* SUPPLIED MATERIAL
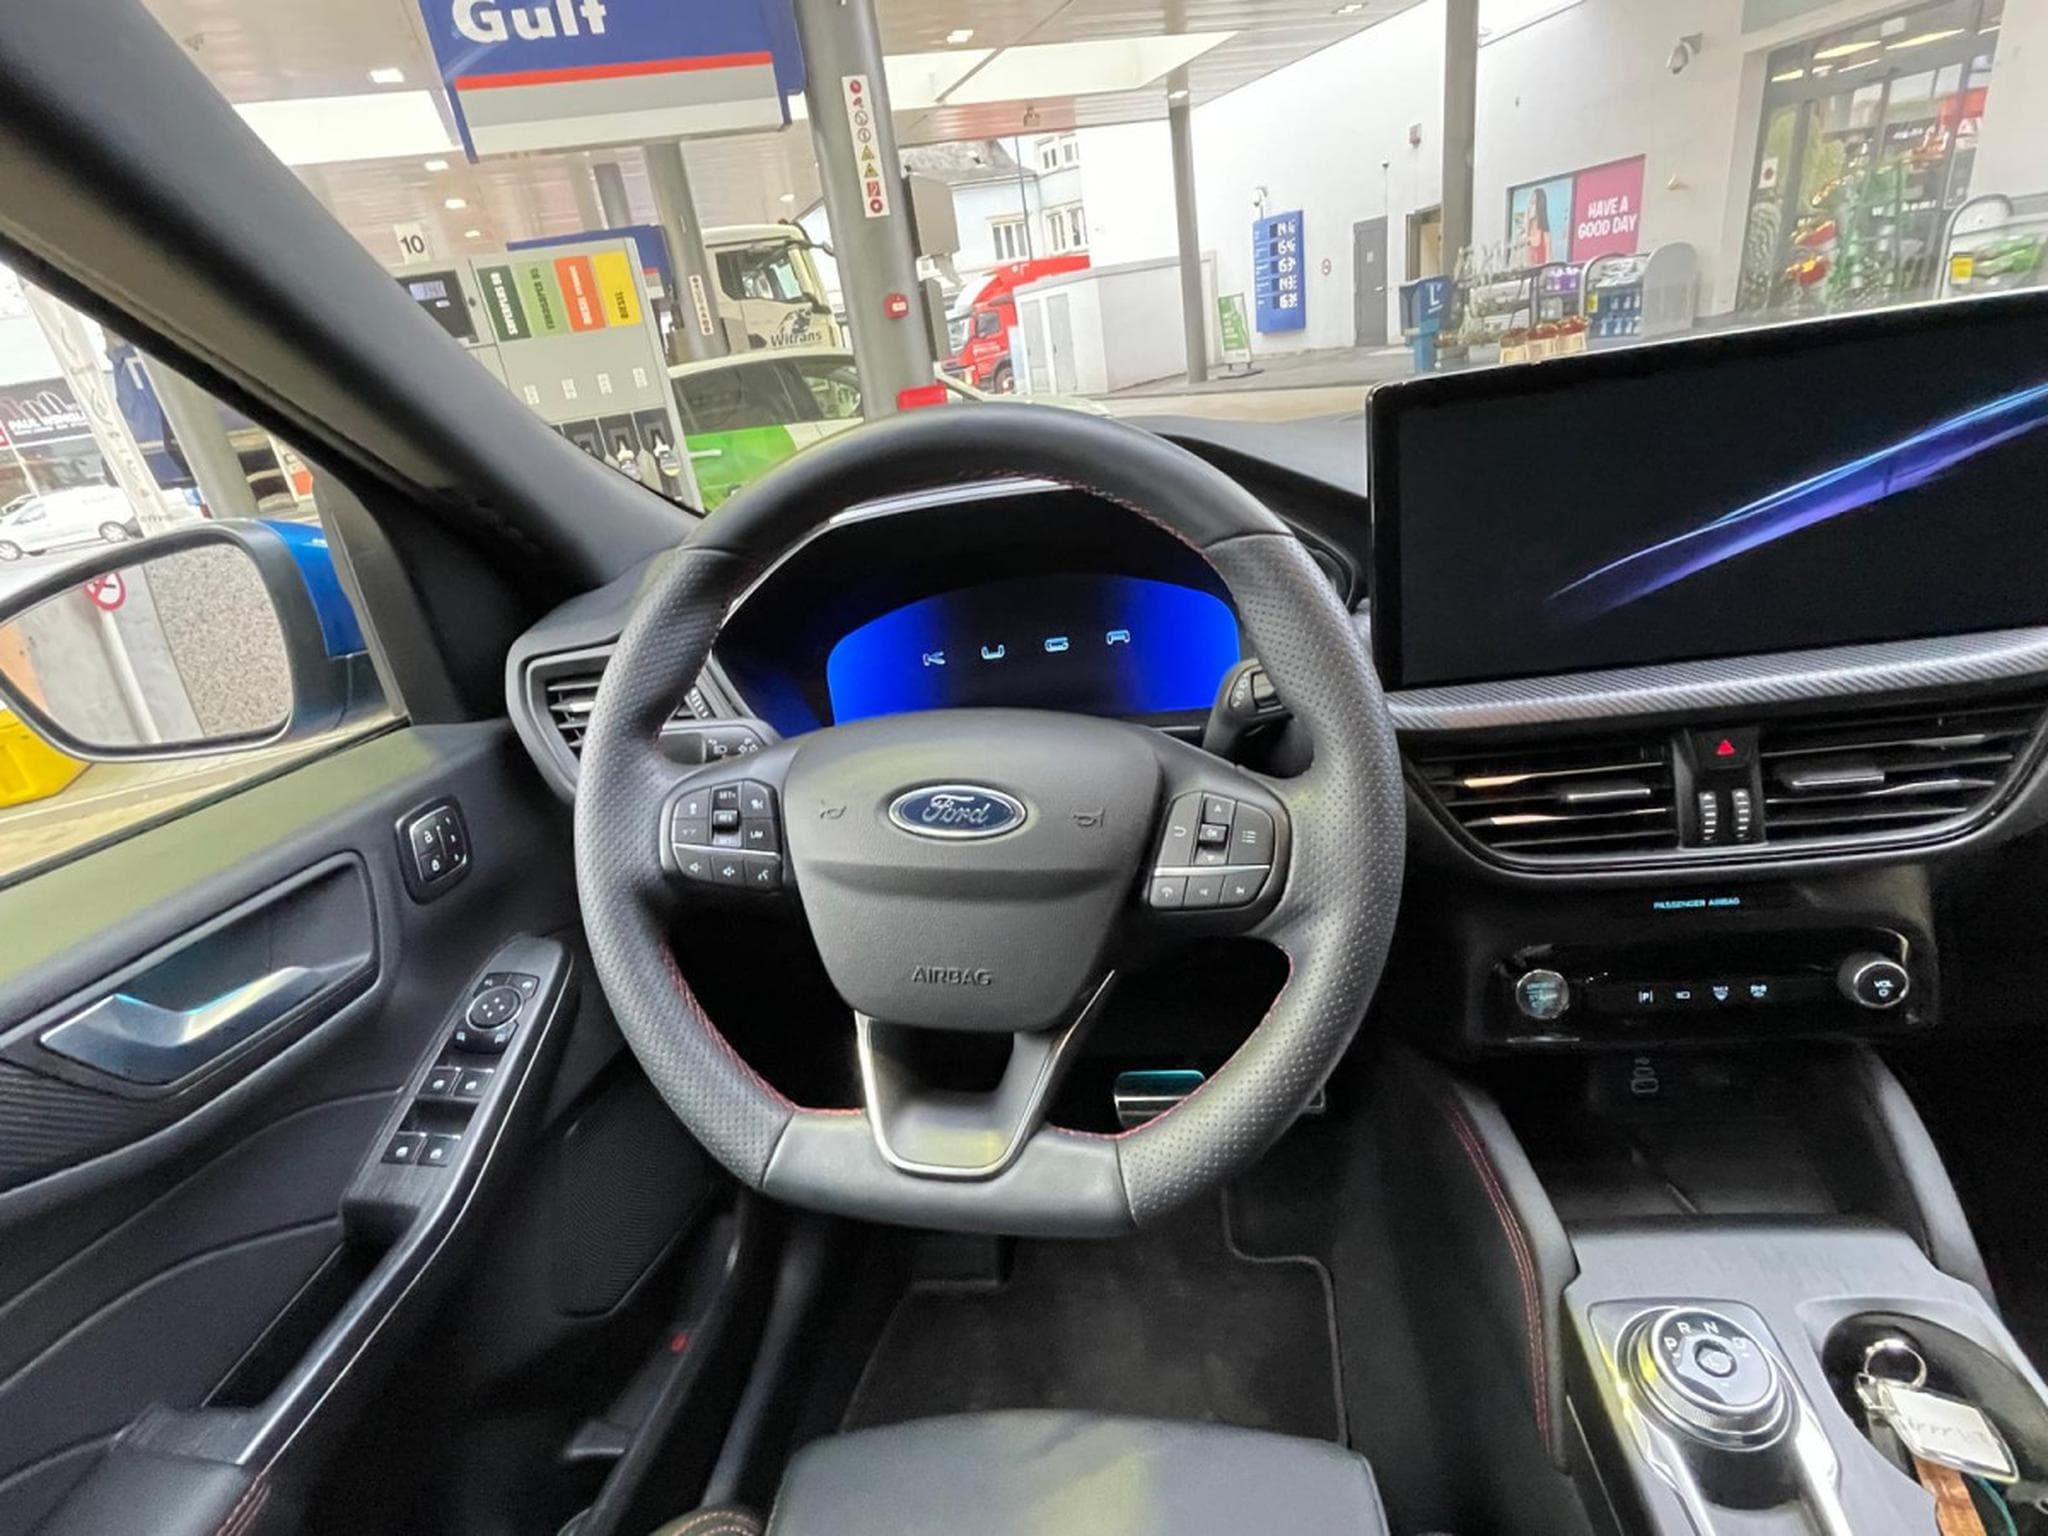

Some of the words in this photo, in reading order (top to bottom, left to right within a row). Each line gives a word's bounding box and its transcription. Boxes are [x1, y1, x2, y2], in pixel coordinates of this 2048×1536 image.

[452, 0, 607, 43] Gulf
[1588, 197, 1618, 219] HAVE
[1620, 195, 1628, 213] A
[1578, 219, 1611, 240] GOOD
[1612, 214, 1637, 234] DAY
[401, 235, 425, 254] 10
[771, 327, 822, 347] Witrans
[922, 793, 991, 824] Ford
[1653, 899, 1706, 909] PASSENGER
[911, 964, 993, 986] AIRBAG
[1676, 1321, 1692, 1334] R
[1702, 1321, 1719, 1335] N

* WORK INSTRUCTIONS
Return every line of the data above exactly, and omit all pictures.

* REPLY
Some of the words in this photo, in reading order (top to bottom, left to right within a row). Each line gives a word's bounding box and its transcription. Boxes are [x1, y1, x2, y2], in pixel coordinates of this 2048×1536 image.

[452, 0, 607, 43] Gulf
[1588, 197, 1618, 219] HAVE
[1620, 195, 1628, 213] A
[1578, 219, 1611, 240] GOOD
[1612, 214, 1637, 234] DAY
[401, 235, 425, 254] 10
[771, 327, 822, 347] Witrans
[922, 793, 991, 824] Ford
[1653, 899, 1706, 909] PASSENGER
[911, 964, 993, 986] AIRBAG
[1676, 1321, 1692, 1334] R
[1702, 1321, 1719, 1335] N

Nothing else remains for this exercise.